Принадлежа конкретно-исторической ситуации, определенной эпохе в развитии культуры, философ не упоминает о многих аспектах жизни людей в силу их обыденности, а следовательно, и очевидности. Обращаясь к своим современникам, он говорит на языке своего народа. Здесь возникает та же проблема, что и при переводе с одного языка на другой, особенно если эти языки разделены целыми историческими эпохами. Понимание языка Платона, А. Августина, И. Канта, М. Хайдеггера требует не меньшей работы, чем понимание языка Гомера, Петрарки, Шекспира. Сравните, например, переводы Шекспи­ра, выполненные, скажем М. Лозинским и Б. Пастернаком, и почувствуйте разницу!

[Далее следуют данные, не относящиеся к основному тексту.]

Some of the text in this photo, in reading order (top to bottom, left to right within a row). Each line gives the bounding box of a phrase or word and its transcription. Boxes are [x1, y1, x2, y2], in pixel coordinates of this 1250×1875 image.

Несколько упрощая, можно сказать, что дистанция между языком философского произведения и языком обыденным определяется общей вопросно-ответной структурой понимания: понять можно лишь то, что представляется ответом на какой-то предполагаемый вопрос. Чтобы понять высказывание как ответ, необходимо понять и сам вопрос. Лишь понимая, что хочет узнать другой человек, можно на его вопрос дать ответ. Содержание самих предполагаемых вопросов нуждается в реконструкции, исходящей из своеобразия конкретно-исторической ситуации, как то, что, в свою очередь, предполагается совокупностью предполагаемых вопросов, или текстом. Тем самым содержание самого произведения, самой мысли становится более богатым, чем замысел и намерения автора. Система предпосылок, конституирующих полноту философского мышления, своими корнями уходит в принудительность магии родного языка и ту артикуляцию наиближайшего, которая удается мыслителю вопреки элементарным навы­кам его как субъекта речи.

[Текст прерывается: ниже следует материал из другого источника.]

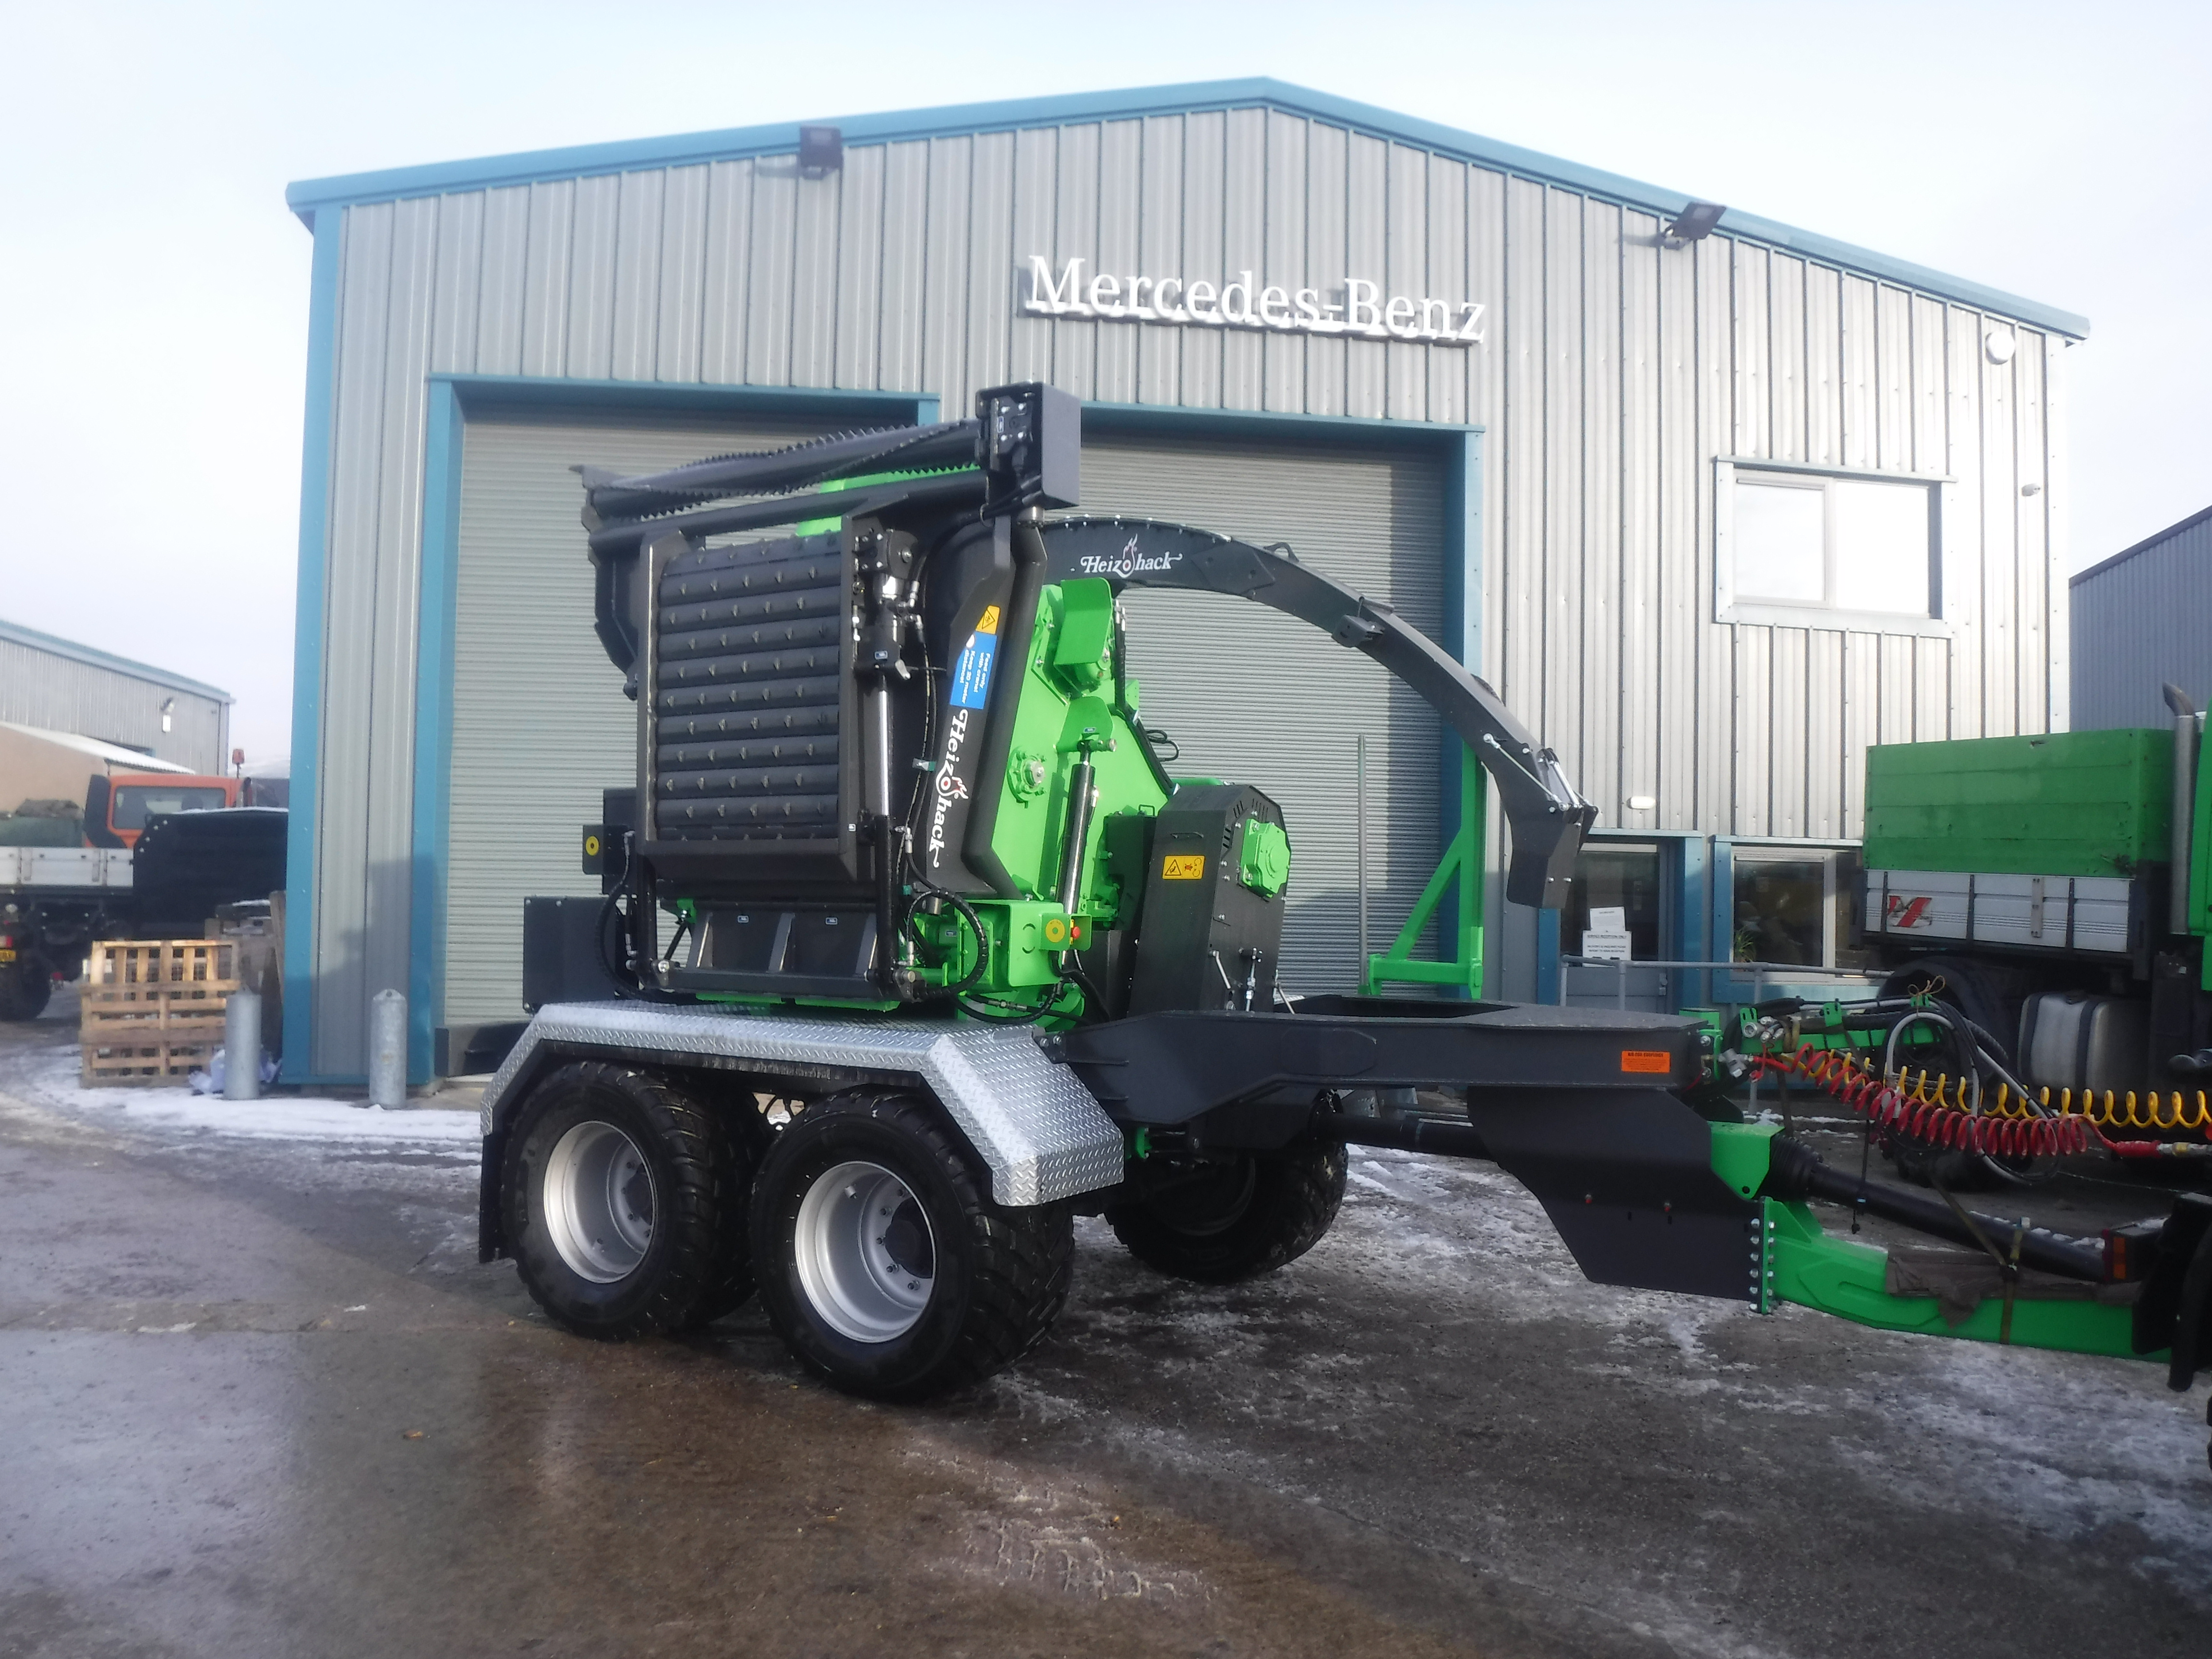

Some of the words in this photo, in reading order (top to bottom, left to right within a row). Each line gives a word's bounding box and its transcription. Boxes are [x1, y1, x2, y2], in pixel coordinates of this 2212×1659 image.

Пожалуй, степень автономии философского мышления от ресурсов обыденного языка можно сравнить с автономией лирического сти-

хотворения, ускользающего от исчерпывающей полноты понимания. Содержание лирического стихотворения нельзя пересказать «своим» языком, поставить в конце пересказа точку и объявить: «Я все понял, к нему можно больше не возвращаться!». Так же и философский текст сохраняет свою многозначность и «темноту», позволяющие ему «просачиваться» через последующие эпохи развития культуры. Философское произведение, как и лирическое стихотворение, не письмо, которое, получив и прочитав, можно уничтожить, зная, что в нем нет ничего открытого для нового прочтения и более глубокого понимания. Философское произведение не только документ и памятник ушедшей эпохи, но и памятник, продолжающий участвовать в диалоге культур. Кажется, этот аспект понимания Г. Г. Гадамер называл «герменевтическим мерцанием».

Уместно сравнить усилия понять философскую мысль, философское произведение с теми усилиями, которые мы предпринимаем, когда прислушиваемся к разговору, который для нас важен, но содержание которого для нас почти недоступно, потому что его почти неслышно. К этой аналогии, как известно, прибегал 3. Фрейд, чтобы прояснить технику интерпретации сновидения.

В современной культуре способность прислушиваться к звучащей речи оказалась на периферии и проявляется в трансформированном виде лишь в соответствующих жанрах искусства. Не случайно один из мыслителей XX века Р. Карнап в работе «Логическое построение мира» характеризует философа как человека с музыкальным слухом, но без музыкального образования! Ощущение недостаточности обыденного языка как сово­купности лексических значений слов и элементарных навыков субъекта речи для понимания философии усиливается при чтении работ современных мыслителей — Хайдеггера, Ясперса, Сартра и многих других. Приведу небольшой фрагмент, принадлежащий М. Хайдеггеру:

«Невидимое такого рода льется в этом фильме (речь идет о фильме Куросавы «Расемон» — В. М.) полным потоком и едва за­метно для европейского взора. Вспоминаю о покоящейся руке, в которой сосредоточено прикасание, бесконечно далекое от всякого ощупывания, не могущее называться даже жестом в том смысле, . как, мне кажется, я понимаю Ваше словоупотребление. В самом деле, эта рука пронесена издалека и в еще более далекую даль зовущим зовом, будучи занесена из тишины»^.